日本ハムから巨人に移籍し、記者会見する中田翔=2021年8月20日、東京・大手町
写真=時事通信フォト
日本ハムから巨人に移籍し、記者会見する中田翔=2021年8月20日、東京・大手町

「常に紳士たれ」巨人軍が中田翔の暴力行為をなかったことにした

巨人に移籍した中田翔内野手(32)の処遇に批判が集まっている。

8月11日、中田は日本ハムの同僚選手に暴力行為を働いたとして無期限出場停止処分を受けた。だが、わずか9日後の20日、巨人への移籍が発表され、翌日から試合に出場(代打)。2日目の22日には5番1塁で先発し、ホームランを打った。試合は引き分けに終わったため、勝利にはつながらなかったが、移籍してすぐに打った反撃弾にスタンドの巨人ファンからは大拍手が起こり、スポーツ紙もこぞって1面で報じるなどして勝負強さを称賛した。

日本ハムで無期限出場停止処分の後、中田を自由契約、つまりクビになるのではないか、という憶測が流れた。そこへ降って湧いた移籍話。きっかけは日本ハム・栗山英樹監督(60)が巨人・原辰徳監督(63)に相談したことらしいが、追い詰められた中田を救うための移籍という美談に仕立てられた。

だが、間を置かず試合に出たことには批判の声が沸き上がった。

無期限出場停止処分を受けたということは、しばらくの間は謹慎し、自分がした暴力行為を反省しろということ。
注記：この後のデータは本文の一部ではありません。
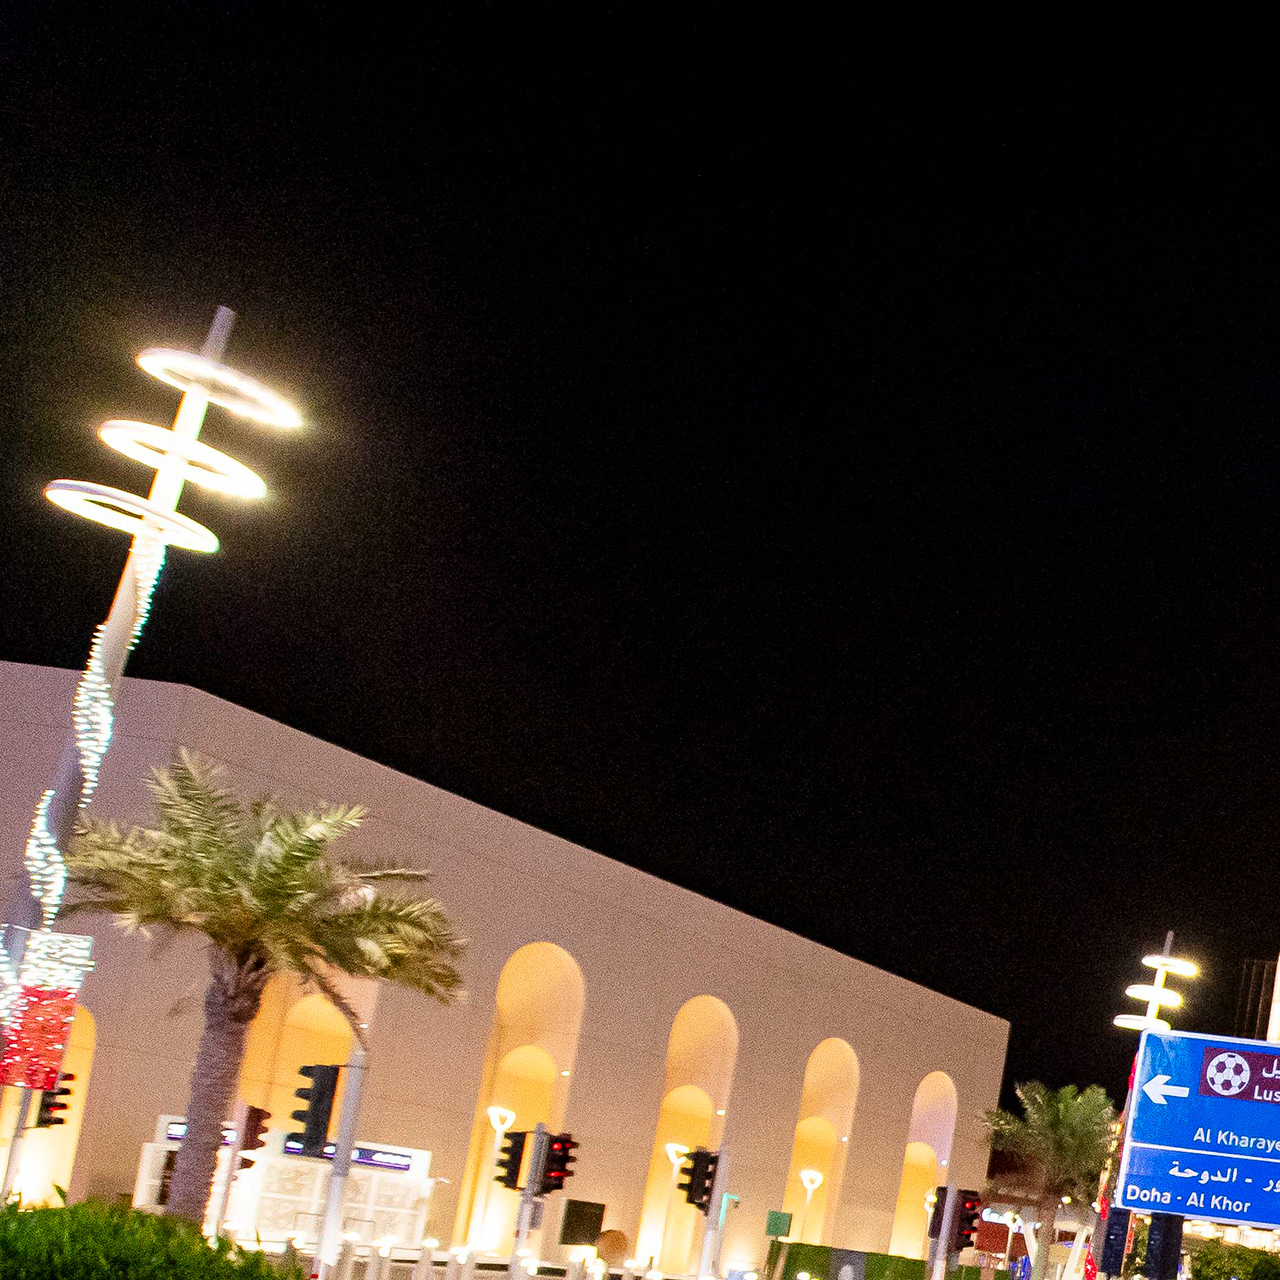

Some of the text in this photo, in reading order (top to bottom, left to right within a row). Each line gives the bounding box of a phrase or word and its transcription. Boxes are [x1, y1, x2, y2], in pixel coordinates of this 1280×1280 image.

[1193, 1128, 1212, 1142] Al
[1168, 1160, 1238, 1186] الدوحة
[1126, 1185, 1172, 1204] Doha
[1186, 1193, 1206, 1208] Al
[1210, 1195, 1251, 1214] Khor
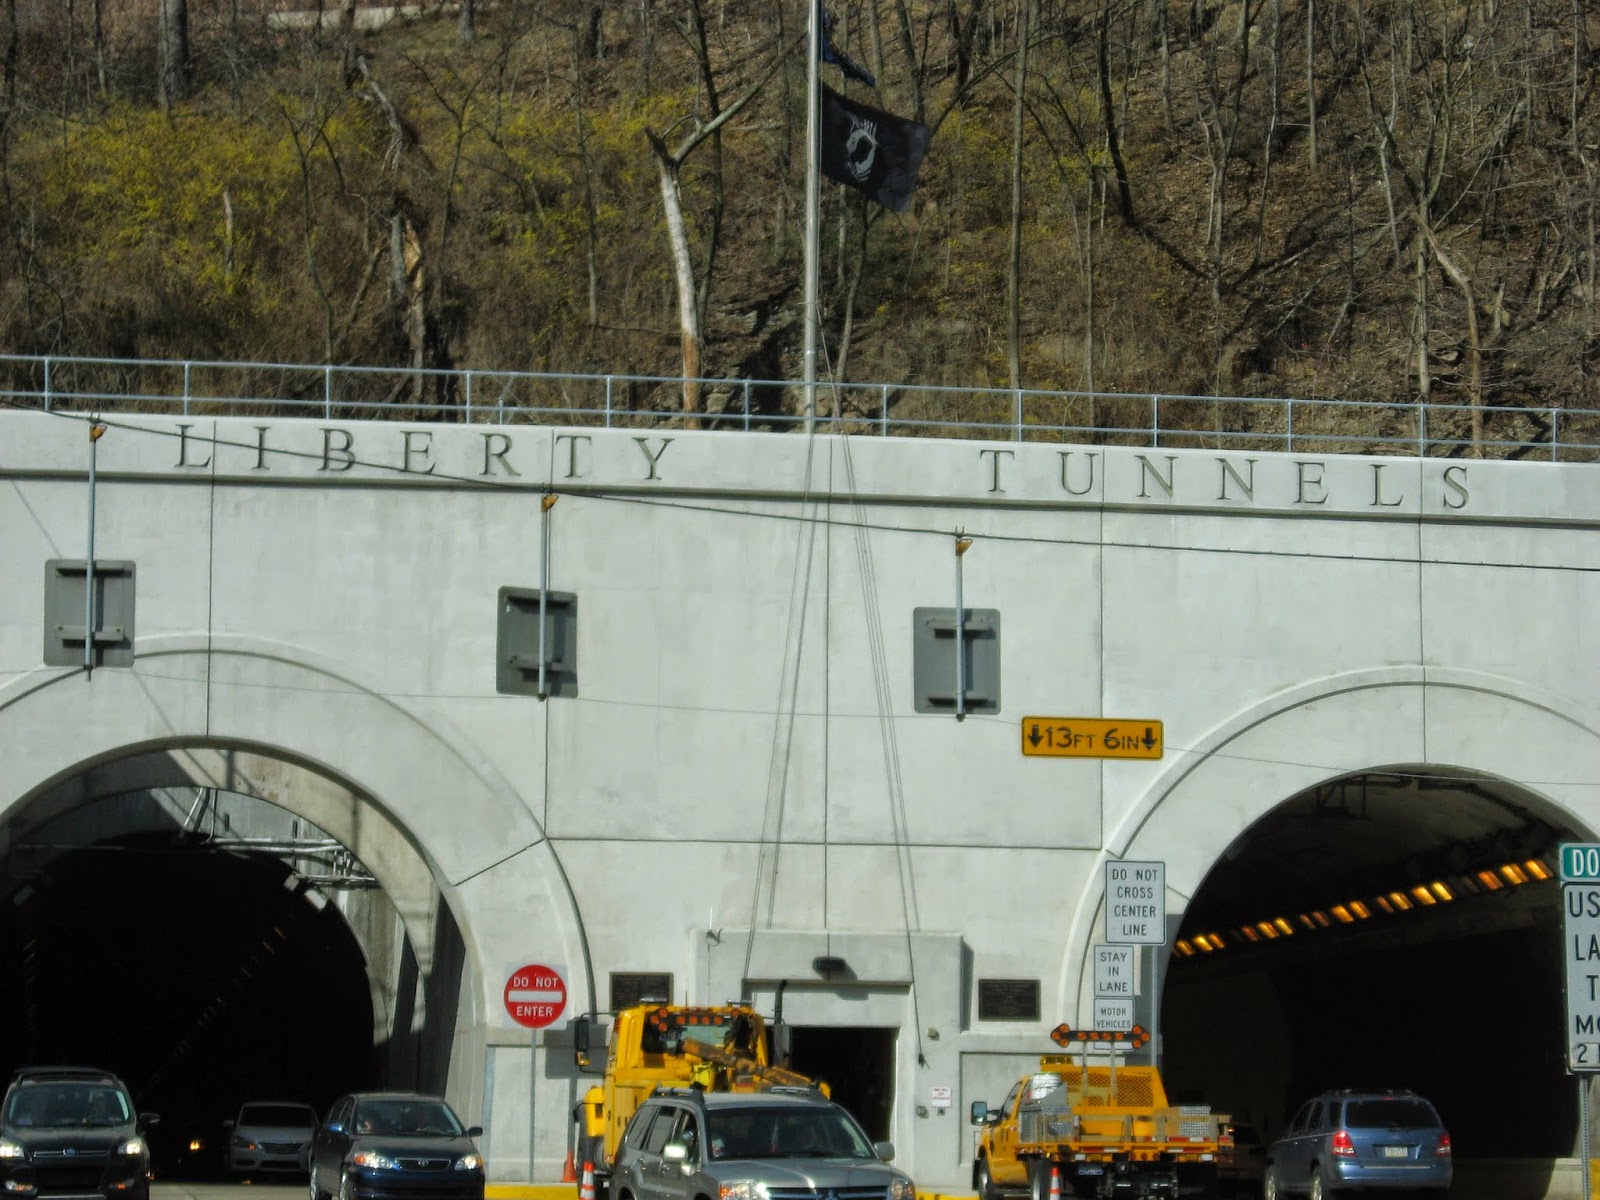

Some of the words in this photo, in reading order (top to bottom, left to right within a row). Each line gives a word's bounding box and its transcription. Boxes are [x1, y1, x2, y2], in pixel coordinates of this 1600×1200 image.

それを移籍して球団が変わったからといって、「あっさり不問にしちゃっていいの?」というわけだ。巨人ファンのなかにも、釈然としない人はいるのではないだろうか。

中田は野球ファンの誰もが、プレーを見たいと思う選手のひとりだ。

日本ハムでは主砲を務め、侍ジャパンの一員としてWBCにも2度出場した。存在感もある。その中田にプレーの場を与える移籍に文句がある人は少ないだろう。だが、一定の期間を設けて謹慎を継続し、自分がした行為を反省するとともに選手としての再教育をしたうえで出場登録するというのであれば、多くのファンは納得しただろうし、批判は少なかったはずだ。

しかし、移籍発表の会見では反省と謝罪を述べたものの、つけ足したように日本ハムやファンへの感謝などを語った。本来であれば日本ハム球団の仕切りで、長年熱烈に応援してくれたファイターズファンに謝罪し、長年の感謝を述べ、別れの挨拶をするのが先決ではないか。ファンを落胆させ悲しませてしまったことに対するケジメをつけていないのだ。